A previous trend in picking Lions captains has been to anoint players who have captained their country on a regular basis. Ireland's Conor Murray bucks that trend.
Sam Warburton was twice captain in 2013 and 2017 until Peter O'Mahony took over in the first Test against New Zealand on the latter tour. The flanker, who had already captained Ireland and Munster, deputised for the injured Warburton at Eden Park. Alun Wyn Jones also stepped in in 2013 for the injured Warburton in the decisive third test against Australia.
Before that Paul O'Connell led from the front in South Africa with Brian O'Driscoll, Martin Johnson and Gavin Hastings all performing the role previously and all also captains of their countries.
Psychologists say captains are not always born but can be made
Stretching back to Ciaran Fitzgerald, who captained the Lions in 1983 after skippering Ireland to Five Nations success and Bill Beaumont preceding him in the 1980 tour, it has been a traditional leaning.
Murray's selection is all the more novel in that Iain Henderson captains Ulster and captained Ireland for the first time earlier this year with Stuart Hogg, the Scotland captain and Owen Farrell, the England captain also in the Lions squad.
Interestingly, coach Warren Gatland has gone for Hogg as captain with Farrell in the side to face the Lions in the opening match of the series tomorrow. What does that mean? That Farrell is not a test match starter, that Hogg is a better captain. Then, if Hogg is a test match starter, why make Murray the tour captain.
And we know how Gatland feels about Farrell. He said it.
“At the (Lions) administration day, I asked the players all to vote and pick four for a leadership group. It was interesting that he (Farrell) ended up with the most votes out of anyone,” said Gatland.
According to the Association for Applied Sports Psychology, a captain embodies three C’s when leading their team: caring, courageous and consistent. Other commentators pick five traits for the captain’s role and others 10 characteristics.
Although the Irish scrumhalf is a bold choice, Gatland hasn't made an impetuous decision
What the psychologists also say is captains are not always born but can be made. Fitzgerald and Willie John McBride might disagree but one thing on which they may settle is the importance of how the captain reacts to the environment and how he copes with the additional burdens of talking to the coach, media, dealing with upset if it arrives and even the more intimate environment of a stadium without spectators.

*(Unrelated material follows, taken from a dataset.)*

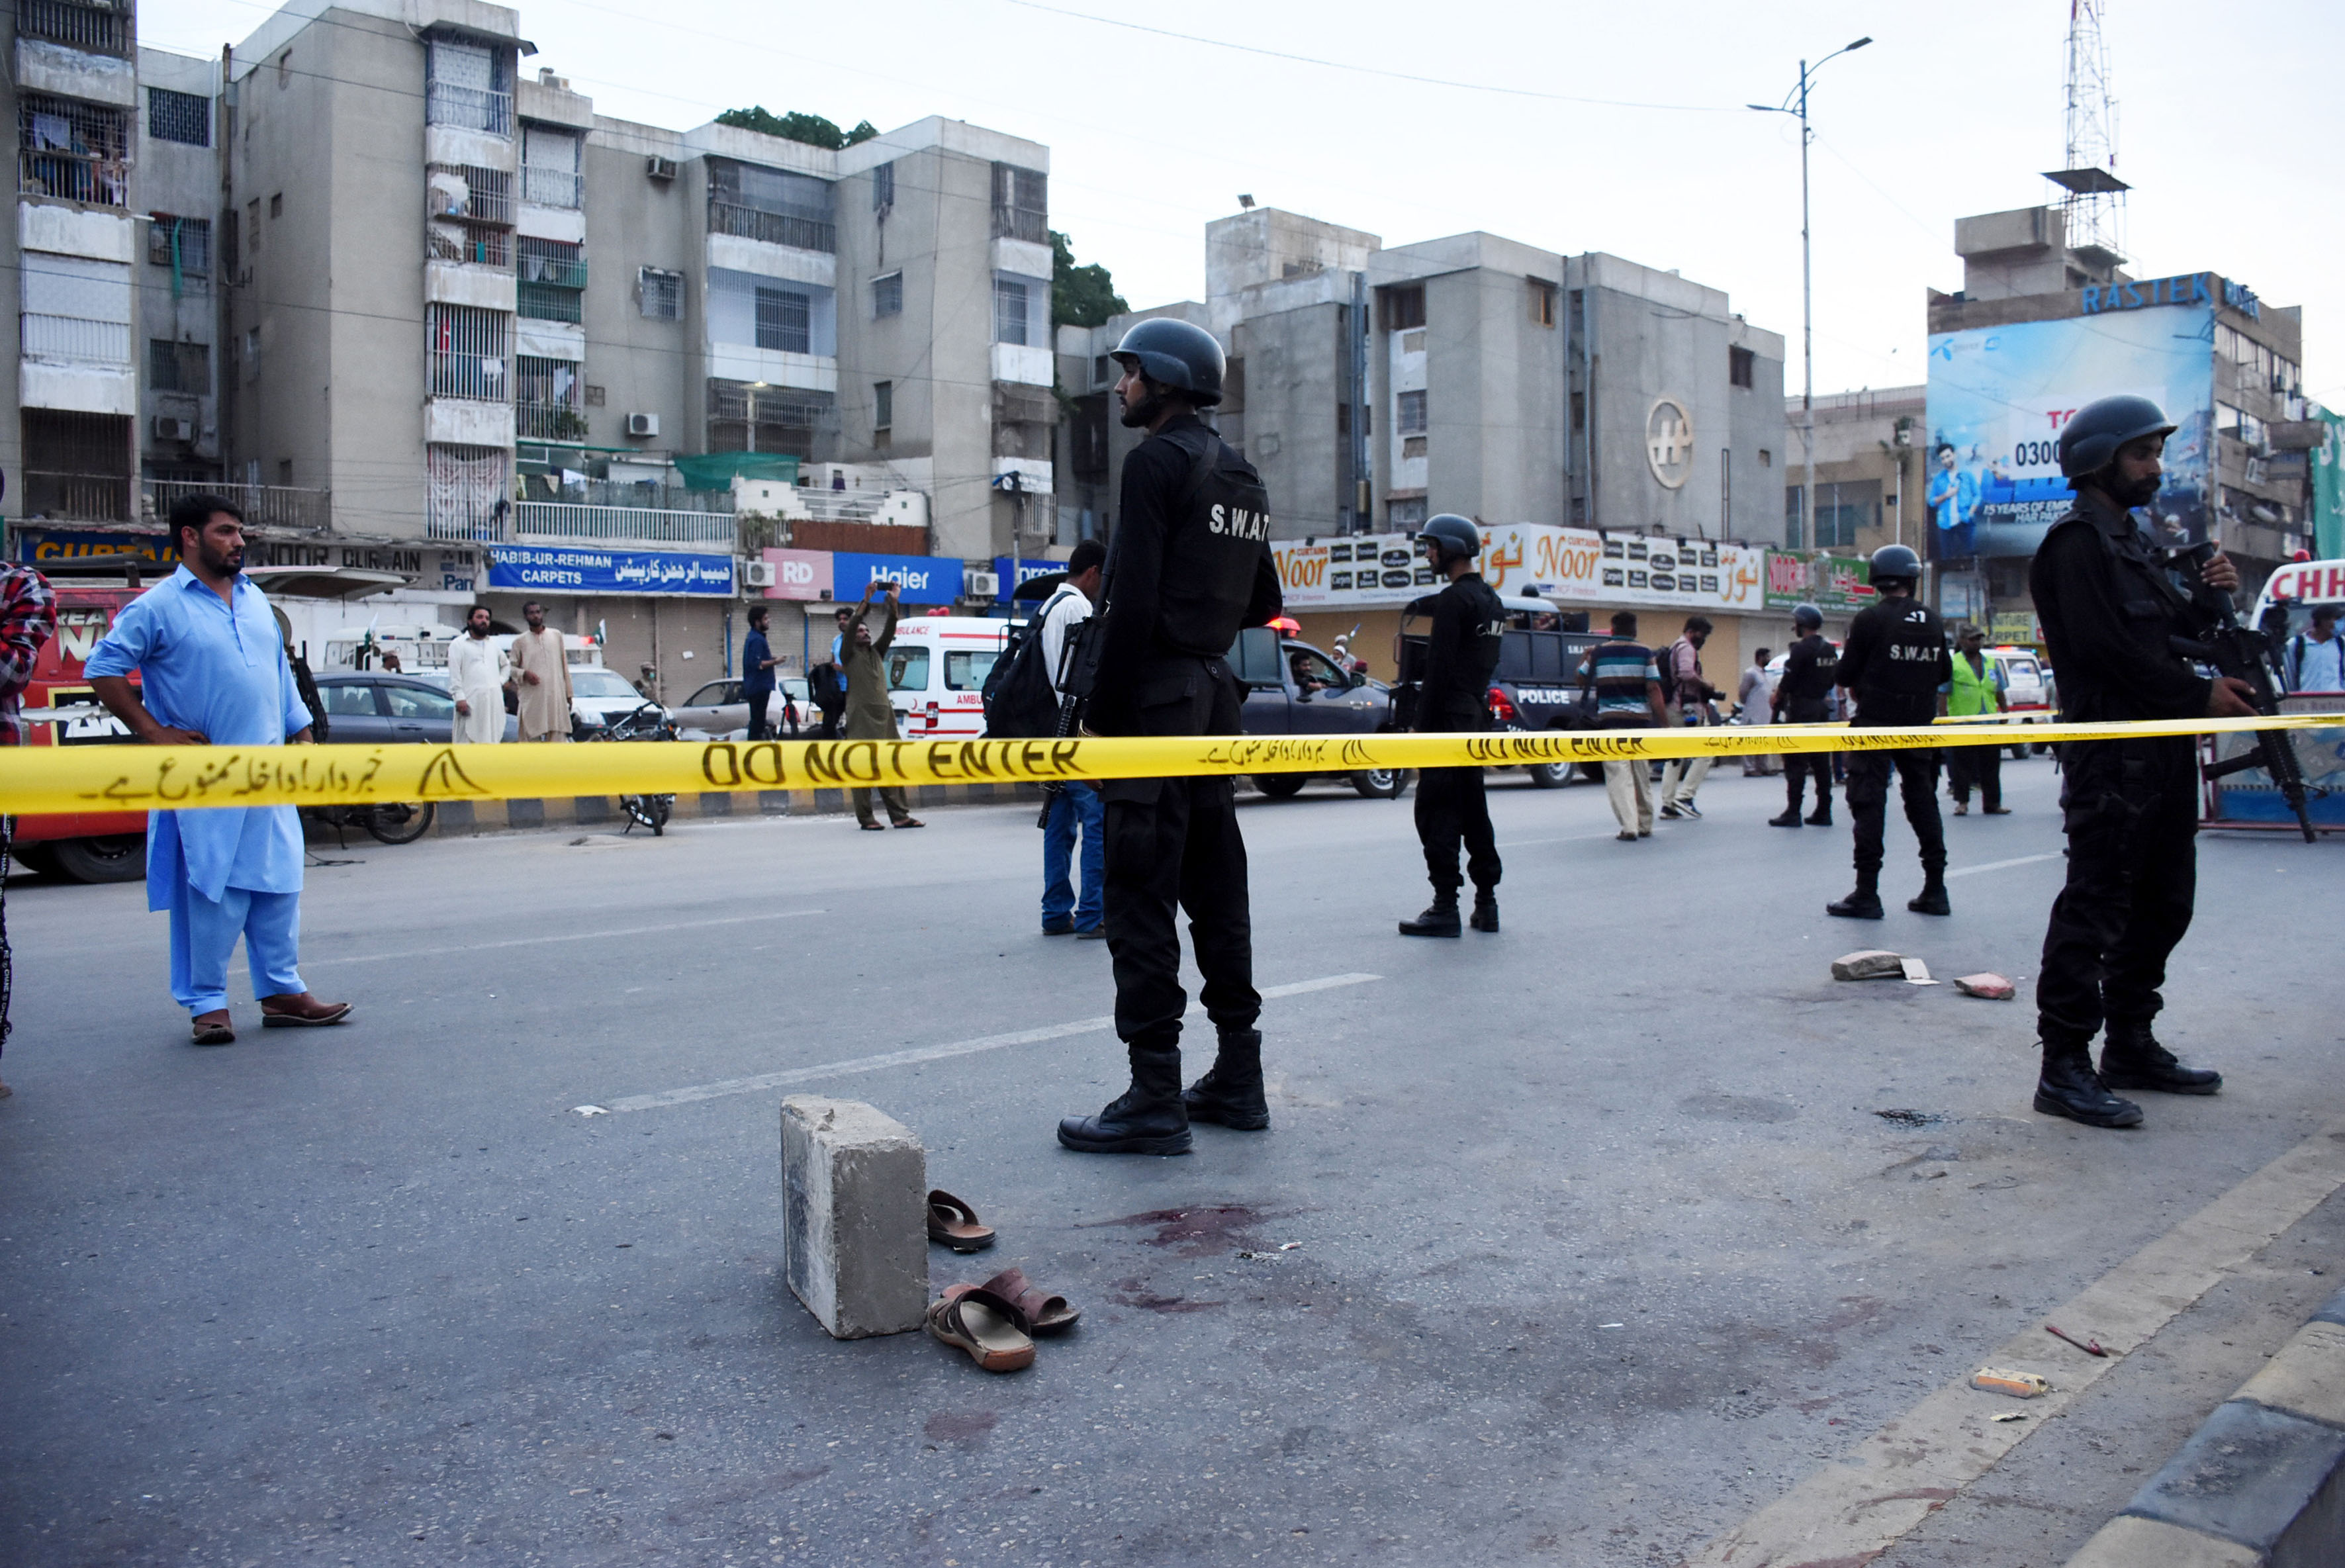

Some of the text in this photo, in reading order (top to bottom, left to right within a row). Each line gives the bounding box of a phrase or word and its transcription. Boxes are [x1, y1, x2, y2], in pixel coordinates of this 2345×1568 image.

Murray has never had to do any of these things before and how he may react on the pitch, when a pack leader like Maro Itoje says he wants to go to the corner for a penalty as Farrell adopts a kick the points pose, is a decision he has never had to make apart from once for Munster in 2014 and never Ireland.
It begs the question of what Gatland understands about Murray that other coaches including Joe Schmidt, Andy Farrell and a clutch he has played under with Munster have been unable to see.
It is Murray’s third tour with the Lions and Gatland’s fourth as coach, so although the Irish scrumhalf is a bold choice, Gatland hasn’t made an impetuous decision.
He has seen how Murray operates within the group but he is also a fan of change and unpredictability. Gatland sees difference as opportunity as much as risk. When Wales named a leadership group under Gatland in 2018, team captain Alun Wyn Jones wasn't on it as the coach wanted other voices in the team to be heard.
Those nuances can alter a team and maybe Murray's voice is emblematic of that, one that is not drowned out by the stronger, louder characters like the England and Scotland captains, Itoje or Ken Owens. None are Trappist monks.
What may also help is that Murray will not have to be a performing captain as they have had to be in past tours. Because of Covid, there are no documentary makers poking cameras into huddles looking for a locker room money shot of a splenetic team captain.
Within the boundaries of his personality Murray can be original and, as Gatland would have it, a different voice
Instead it will be the most ghostly, intimate tour ever undertaken by the team since live television made the brand into the global spectacle it has become.
Gatland is aware of how Murray behaves within the group, his integration, his positivity, his easy manner, his lack of aloofness, his experience, his form, which when it is good puts him among the best scrumhalves in the world.
What Gatland knows is that he has enough drivers among his squad. He has enough tough mentalities. He has decision makers and leaders. He has players who have captained sides at World Cups and have proven themselves as possessing the three or five or ten C’s.
What he sees in Murray is a player who can define what kind of captain he wants to be. He is his own raw material. Within the boundaries of his personality Murray can be original and, as Gatland would have it, a different voice.
Leadership books will tell you command is about wisdom and that wise leaders are the ones with presence and authenticity. It takes that to earn respect and it takes originality and creativity to sustain the respect.
Maybe that’s what Gatland has seen in Murray that nobody else could. It is the originality of being himself and if you can harness that in a squad, you can encourage others to be just as fearless. Fearless enough to be themselves too.